Thanks, Sara. When I talked about blogger burnout at your Midwest Travel conference, little did I know that I hadn’t come anywhere near the “to hell with everything” that I’d feel a few years later. I have a hard time taking my own advice! 😊
I write about specific sorts of music, history, and travel — never any shortage of ideas or creative inspiration with those areas of focus. Subject matter focus could be a way to regain spark, either going deeper into what you already love or exploring new areas.
I also tend to write/choose to write mostly stories which are meant to be long lasting. The increasing emphasis on immediate and somewhat ephemeral content online means for me among other things much less income. That’s a whole other kettle of fish of course, but both those factors are wearing, as they add to uncertainty.Not precisely the sort of burnout you are addressing, I think, Sheila, but still, wearing in some related ways.
I’ve been writing online for a good while, at first for VH1/CMT/SonicNet and Barnes and Noble Music. Then I began my own site Music Road in the summer of 2006, later added in regular contributions to Wandering Educators and joined you as a colleague at Perceptive Travel, three places for which I still write. This all comes after a number of years writing for print and broadcast media, which I also still do now and then. Challenges all along the way but for me still worth the doing.
Thanks, Kerry, it’s been great to have you as a fellow writer on the PT Blog all these years. One of these days we’ll actually meet in person! 😊
This post is very timely for me! I haven’t posted on my blog in 3 years, and after I recently joined The Great Resignation/Reassessment I have started exploring how to keep the content out there but also start something new with a different angle. But I also have the fear around not knowing the new places to be online combined with the worry about creating content consistently and wondering if the world really needs another blog?! 🤔 I’m still trying to figure it out. Stay tuned…

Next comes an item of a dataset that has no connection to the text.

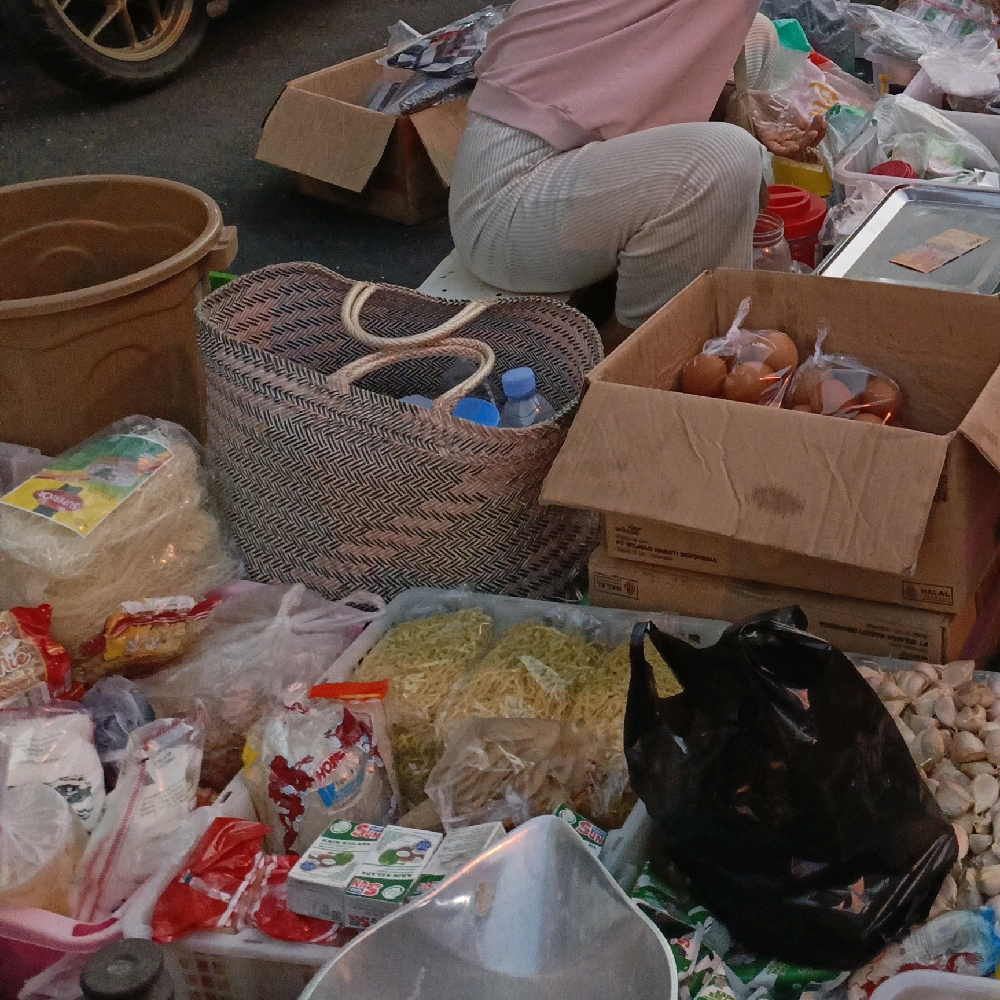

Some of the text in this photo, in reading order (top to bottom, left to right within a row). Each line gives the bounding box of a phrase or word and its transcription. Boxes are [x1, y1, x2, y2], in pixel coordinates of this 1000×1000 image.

[40, 490, 78, 511] SUPERIOR
[351, 823, 382, 839] SUN
[577, 820, 604, 844] SUN
[351, 877, 383, 897] SUN
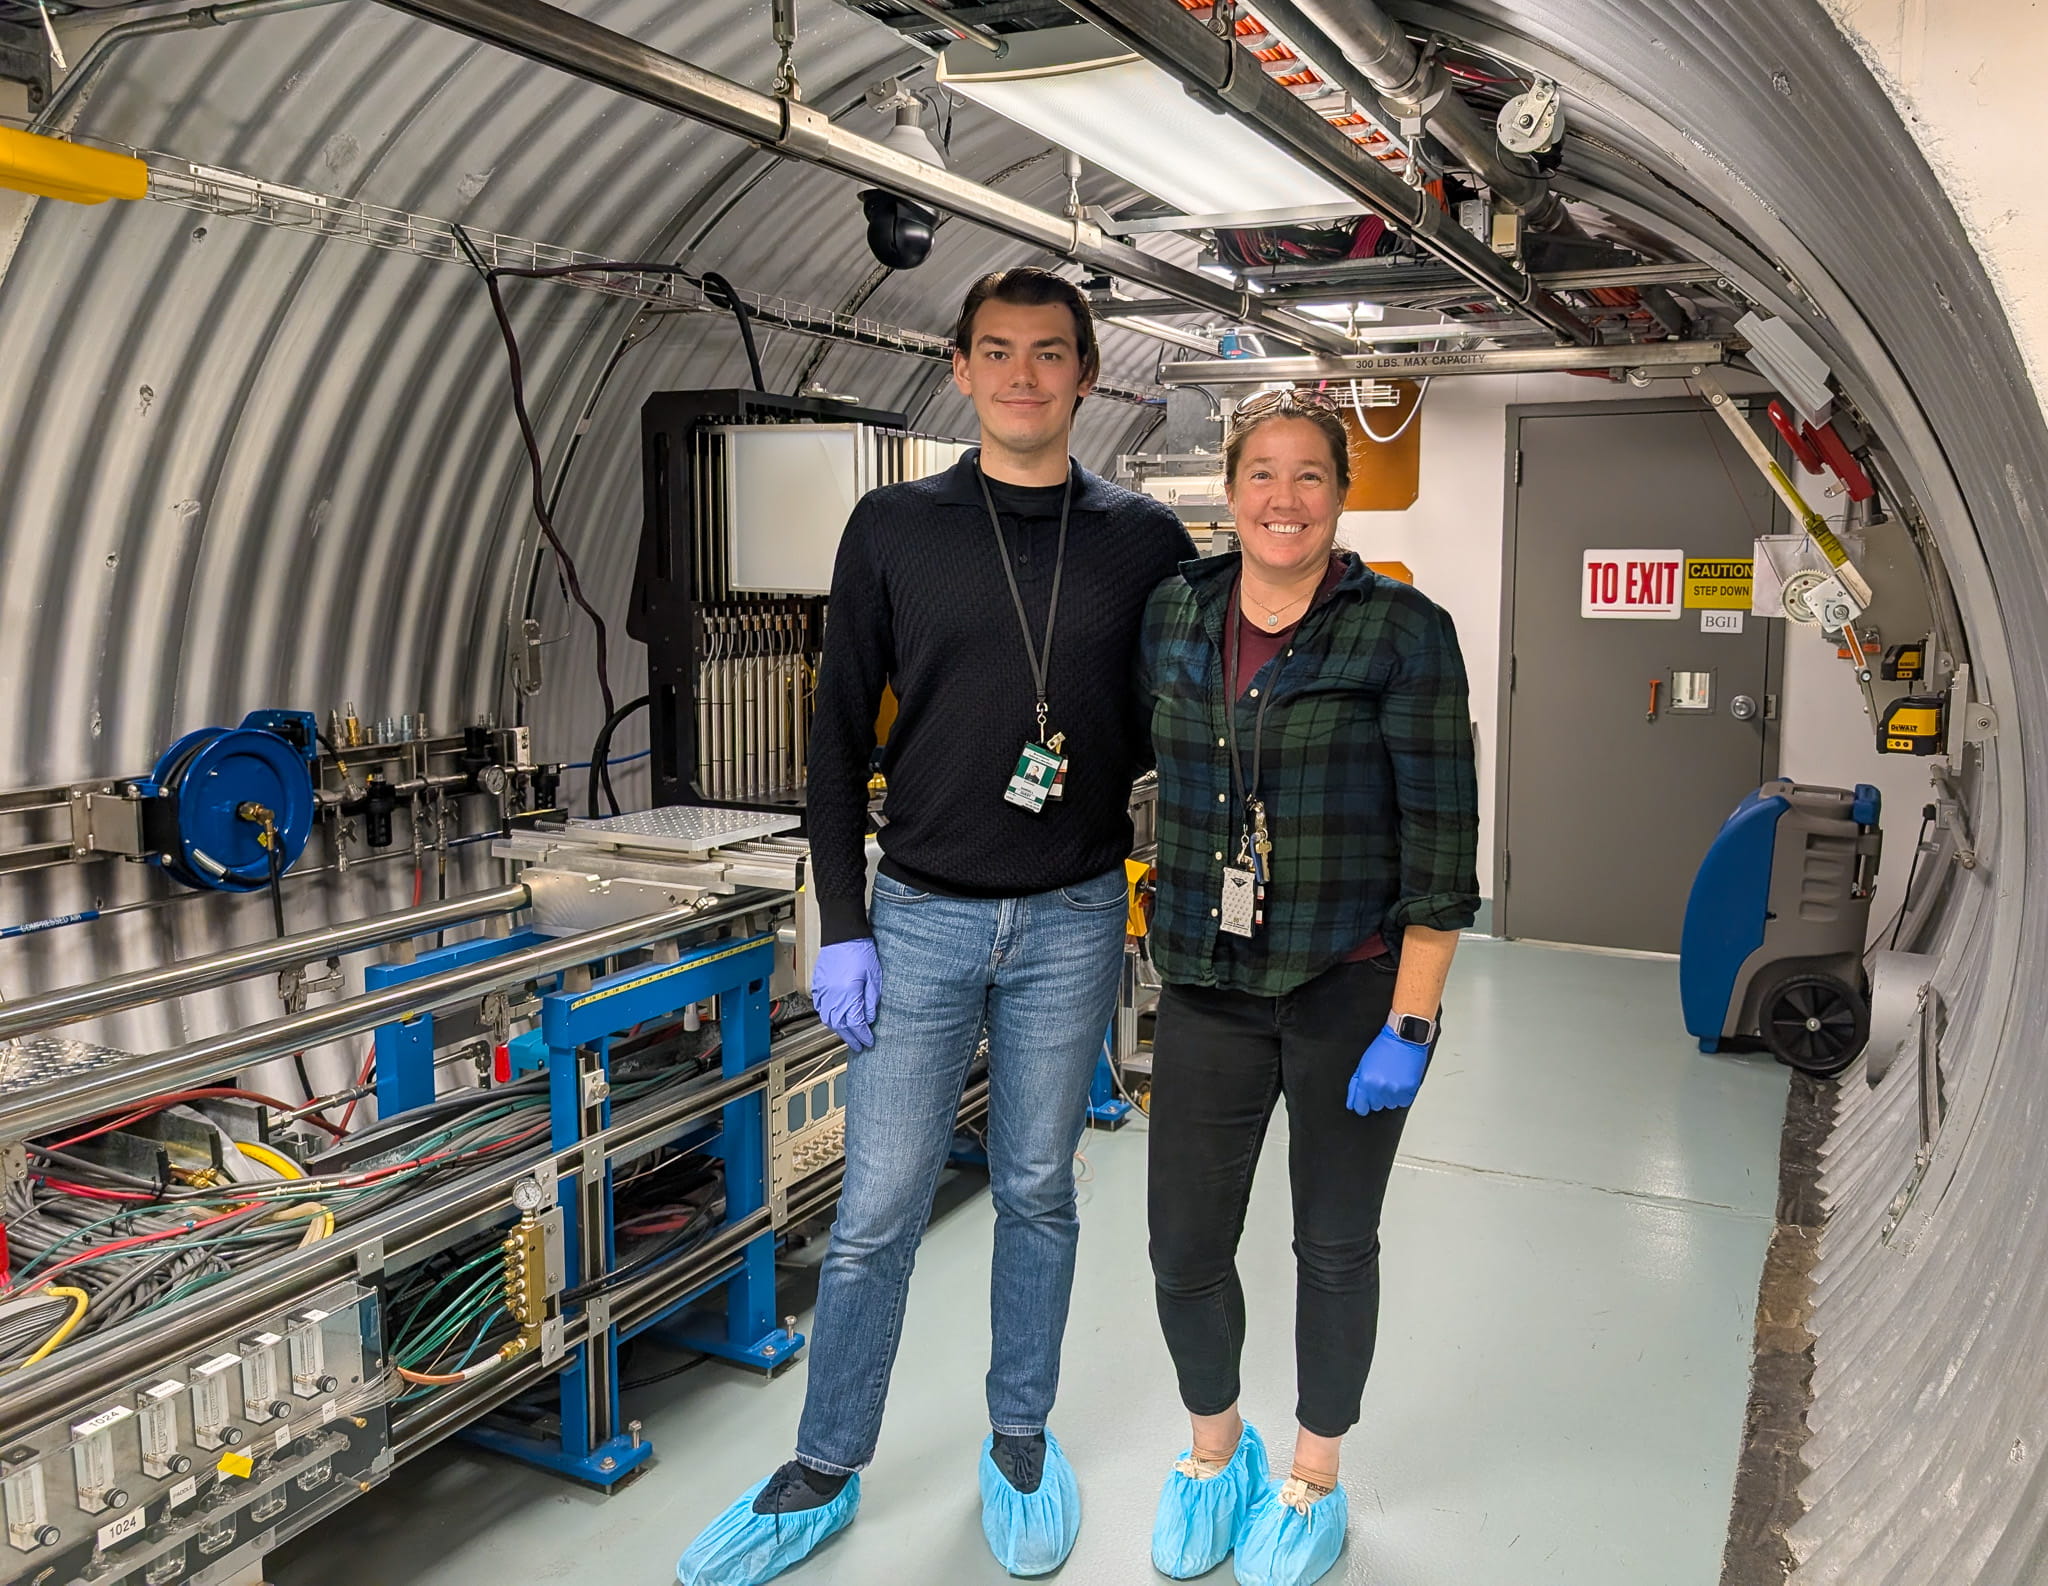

Hi Aruni, thanks for stopping by! You don’t need to chase what’s “new,” but rather decide how you can use YOUR voice and YOUR blog to make the world a better place, and address topics that matter to you. Your blog and website are the hub; everything else is just a spoke.
Hello Sheila, Fellow Texan here, based in Dallas. Thanks for the advice. I like IG but I do feel pressure to produce every damn day and some days, I just really don’t have time. I also don’t like to create IG in advance, I’m very organic about it. That seems to work in terms of content that my viewers also like. I don’t know!
Hi Penny,
Not sure you do need to post every single day. Try every other day and use the “off” days to do some planning, take photos or videos to use later, or poke around in Canva to see how you could use it to enhance your posts. I like posting organically as well, but for a business account it may not be a workable approach. If you’re spending a bunch of time on Instagram but neglecting your website, blog, and email newsletter, you’re “decorating a room in someone else’s hotel.”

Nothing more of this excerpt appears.